Oz the Great and Powerful is an oppressive, bloated bore, the latest argument that CGI kills the imaginations of talented filmmakers. George Lucas fell prey to it with the Star Wars prequels. Tim Burton’s best movie remains 1994’s Ed Wood, which was ironically about a filmmaker who made cheap, lo-fi movies. Michael Bay’s pictures keep getting worse. James Cameron has become so obsessed with the technology that he’s apparently going to spend the rest of his career making Avatar sequels. Steven Spielberg was seduced with Indiana Jones and the Crystal Skull, but he learned his lesson quickly (most of War Horse, which would have been easier to make using special effects, was shot largely without CGI).
And now, sadly, Sam Raimi has succumbed to the temptation of directing a movie that was made primarily on computers. A prequel (and sort of a remake) to the perennial 1939 classic The Wizard of Oz, the new film reveals how Oscar (James Franco), a carnival magician and huckster from 1905 Kansas, wound up as the all-powerful wizard of a magical realm.
Raimi pays homage to the original by shooting the first 20 minutes in black and white and a square (1:33 Academy ratio) frame. The opening raises your hopes, because it was shot on beautifully-designed practical sets that feel tactile and lived-in.

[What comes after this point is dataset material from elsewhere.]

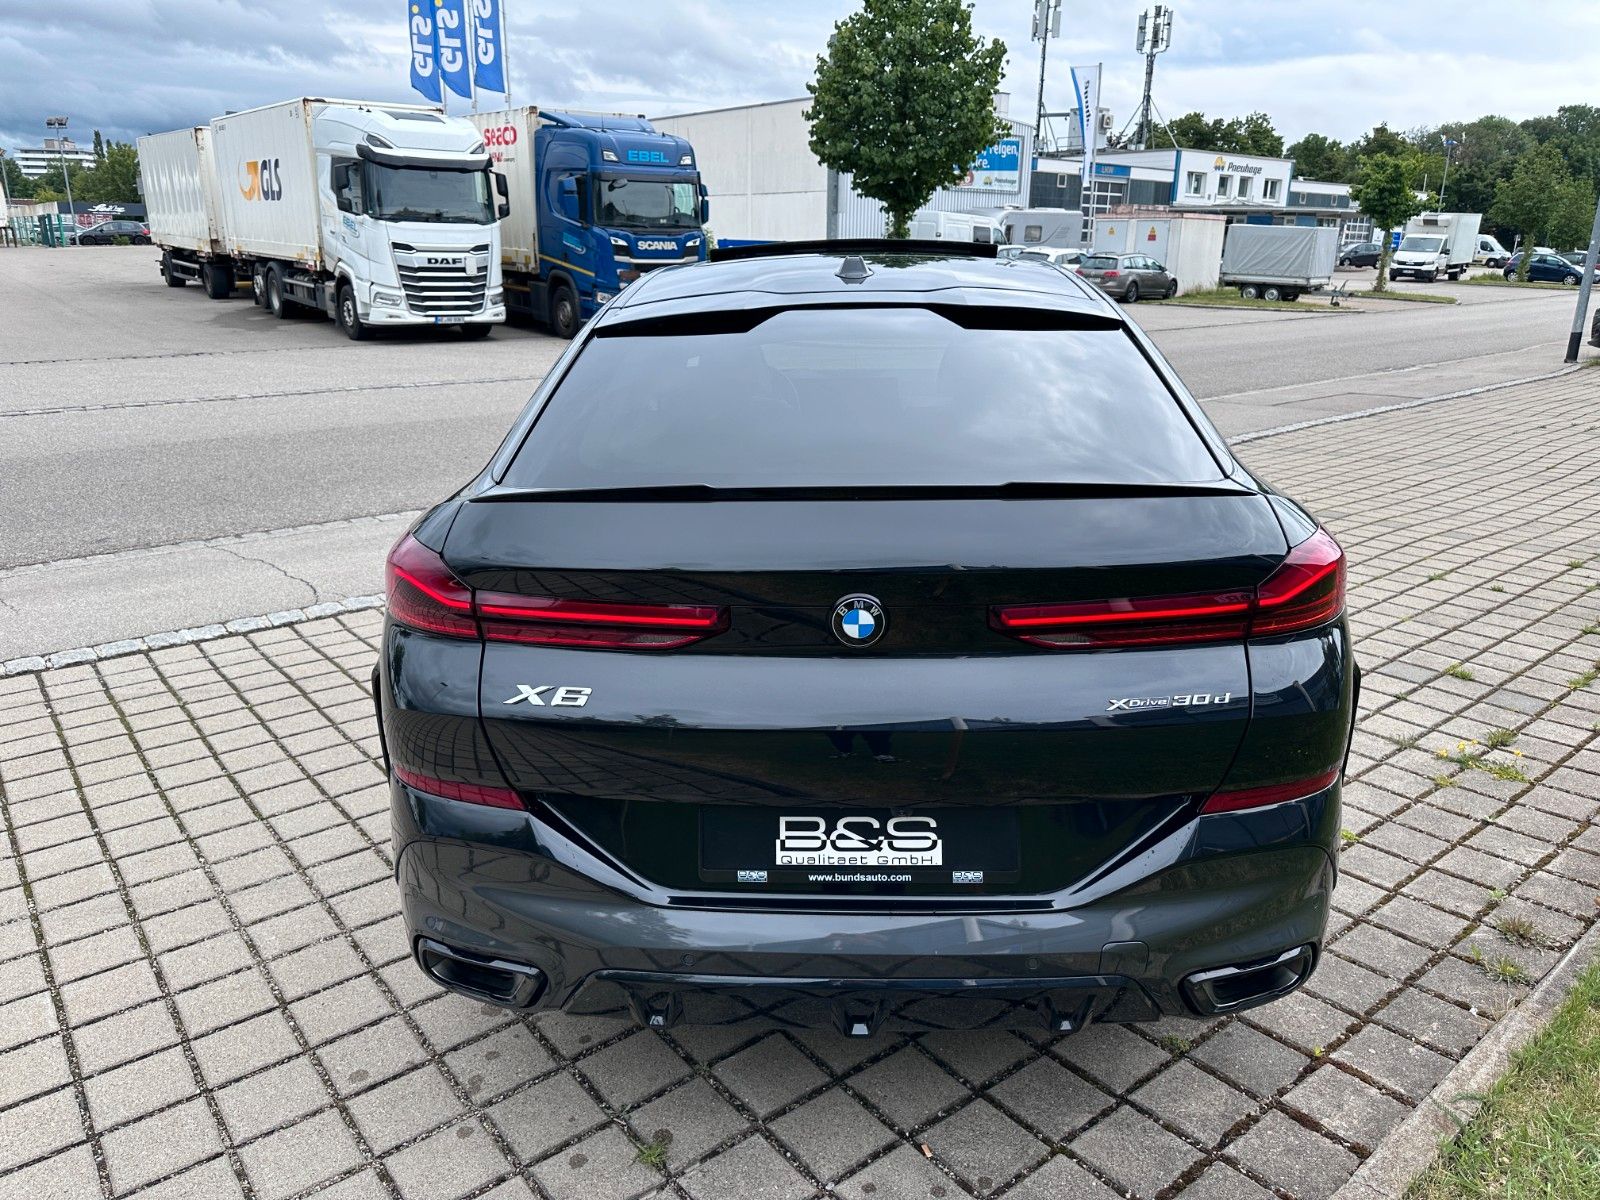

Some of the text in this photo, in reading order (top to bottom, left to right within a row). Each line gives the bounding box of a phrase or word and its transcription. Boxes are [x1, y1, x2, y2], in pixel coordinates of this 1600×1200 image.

But then Oscar makes a hasty exit on a hot air balloon, is whisked away by a tornado to a faraway land, and the film turns into blazing color and a widescreen ratio, and the life begins to seep out of the movie.
There are parts of Oz the Great and Powerful that seem to have been included for an intended ride at a Disney park, such as a vertigo-inducing plunge over a waterfall. Other elements in the film were obviously conceived to sell toys, such as a winged monkey who becomes Oscar’s servant or a living porcelain doll who is an orphan and takes to Oscar like a father.
Franco fares badly when he’s forced to hold conversations with characters who aren’t really there: He looks as bored and distracted as he did when he hosted the Oscars, and he relies too much on a wide grin that makes him look manic instead of charming (imagine what Robert Downey Jr. could have done with this role). Things don’t get any better when Oscar meets actual people, either. Mila Kunis (as a gentle witch), Rachel Weisz (as her conniving sister) and Michelle Williams (as Glinda the Good Witch) are all talented actresses, but they come off as disengaged as Franco, because most of the film was shot on green screen, and the leading man doesn’t isn’t give them much to work with (Williams, who plays Glinda as a passive, soft-spoken willow of a woman, fares particularly badly).
Visually, Oz the Great and Powerful is stunning (especially in 3D). The Emerald City looks like Gotham lit in green neon, the villainous flying baboons are appropriately scary, and a shot in which the red leaves on a tree suddenly fly away as butterflies is lovely. But Raimi gets so wrapped up in the look and design of the movie that he forgets about pacing and plot. The story lumbers along, spending way too much time admiring its own creations, and at 130 minutes, your eyes start to hurt and the film starts to feel endless.
Children will undoubtedly love Oz the Great and Powerful: The movie is aimed squarely at the kiddie set, with some hip actors thrown in to hopefully draw in teenagers, too. But unlike the original, this movie will not endure. It will be as quickly forgotten as Burton’s Alice in Wonderland, which was a massive hit worldwide but left no cultural imprint. The saddest part about the film’s failure is that Raimi made his first movie, 1981’s The Evil Dead, with practically no money, using ingenuity and resourcefulness to create a horror classic that spawned two sequels (and has now been remade). Even his Spider-Man trilogy, although heavy on special effects, always kept the characters at the forefront. In Oz the Great and Powerful, which cost a reported $200 million, Raimi forgets everything that made his best movies work (A Simple Plan, Drag Me to Hell, The Gift, Army of Darkness) and has made a lifeless cartoon that’s all flash, no heart.
Cast: James Franco, Mila Kunis, Rachel Weisz, Michelle Williams, Zach Braff.
Director: Sam Raimi.
Screenwriters: Mitchell Kapner and David Lindsay-Abair. Based on the books by L. Frank Baum.
Producer: Joe Roth.
A Walt Disney Studios release. Running time: 130 minutes. Some scary images. Playing at area theaters.